It is easy enough to plug in $\mathrm{grad} f$ as the arguments (and multiply by 2)

\begin{equation} 2\nabla df(\mathrm{grad}f,\mathrm{grad}f)=2\left(\frac{\partial^2f}{\partial x^k \partial x^a}-\Gamma^{m}_{ka}\frac{\partial f}{\partial x^m}\right)\frac{\partial f}{\partial x^b}g^{ab}\frac{\partial f}{\partial x^v}g^{kv}\tag{2} \end{equation}

Now that we know what we are looking for we move to the right side of the equation

\begin{equation} |\mathrm{grad}f|^2=g^{ab}\frac{\partial f}{\partial x^a}\frac{\partial f}{\partial x^b} \tag{3} \end{equation}

\begin{equation} <\mathrm{grad}|\mathrm{grad}f|^2,\mathrm{grad}f>=g^{kv}\frac{\partial }{\partial x^k}\left(g^{ab}\frac{\partial f}{\partial x^a}\frac{\partial f}{\partial x^b}\right)\frac{\partial f}{\partial x^v} \tag{4} \end{equation}

Before we evaluate the tedious partial derivatives we remind the reader that an affine connection $\nabla$ is a Riemann connection if it preserves the metric $\nabla g=0$ or equivalently $\nabla_X g=0$ for all vector fields $X$ on $M$. We say that the metric is "compatible" with the connection.
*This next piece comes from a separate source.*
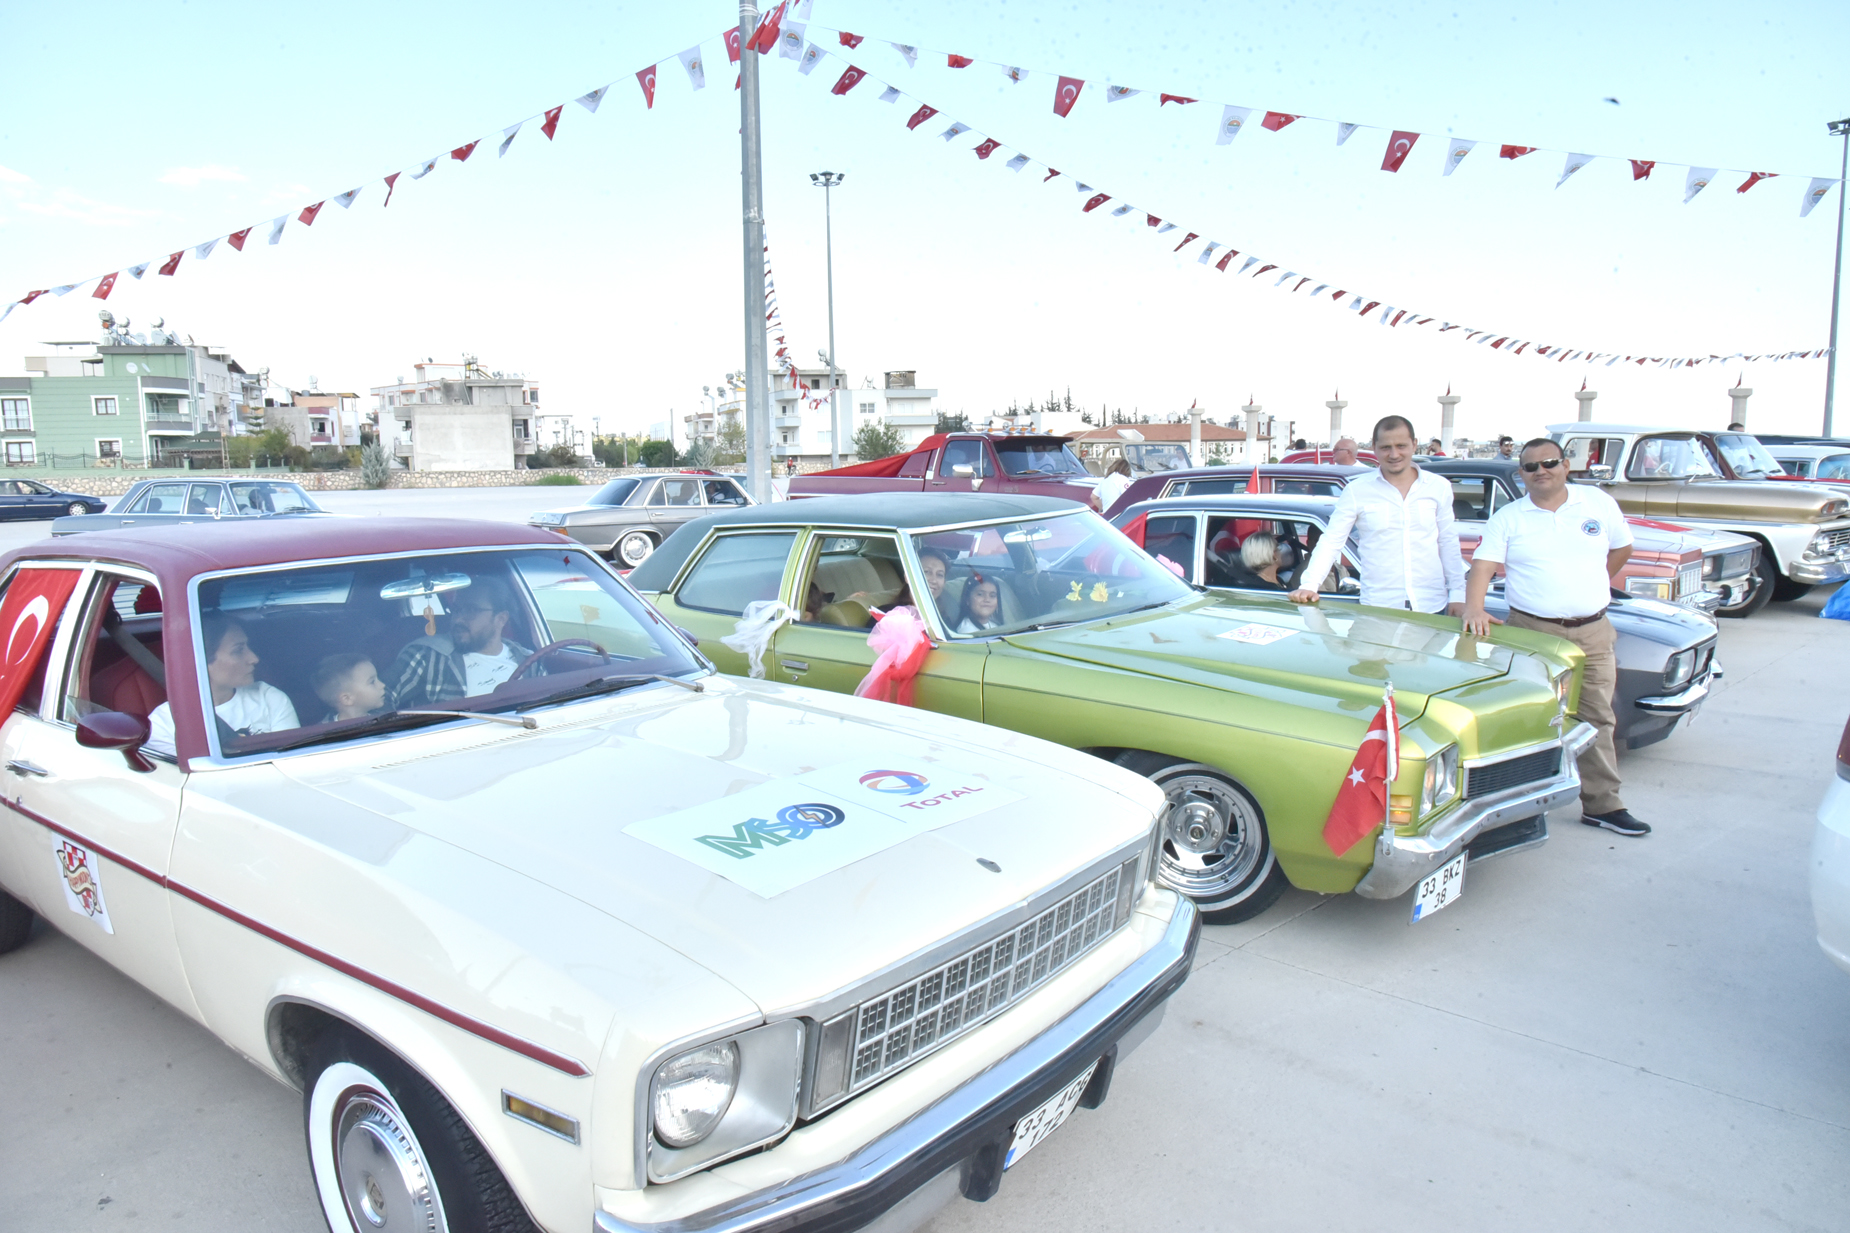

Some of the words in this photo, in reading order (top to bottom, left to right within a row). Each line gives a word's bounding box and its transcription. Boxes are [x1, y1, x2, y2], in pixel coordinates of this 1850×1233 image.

In component notation this means that the (partial) covariant derivative of the symmetric nonsingular (2,0) tensor $g^{ab}$ vanishes identically: \begin{equation} \nabla_k g^{ab}=\frac{\partial g^{ab}}{\partial x^k}+\Gamma^{a}_{mk}g^{mb}+\Gamma^{b}_{mk}g^{am}=0 \end{equation}

\begin{equation} \frac{\partial g^{ab}}{\partial x^k}=-\Gamma^{a}_{mk}g^{mb}-\Gamma^{b}_{mk}g^{am}\tag{5} \end{equation}

notice how $k$ is an index in the above expression, not a vector.

Now we are ready to expand the partial derivatives (and please remember the Leibniz (product) rule).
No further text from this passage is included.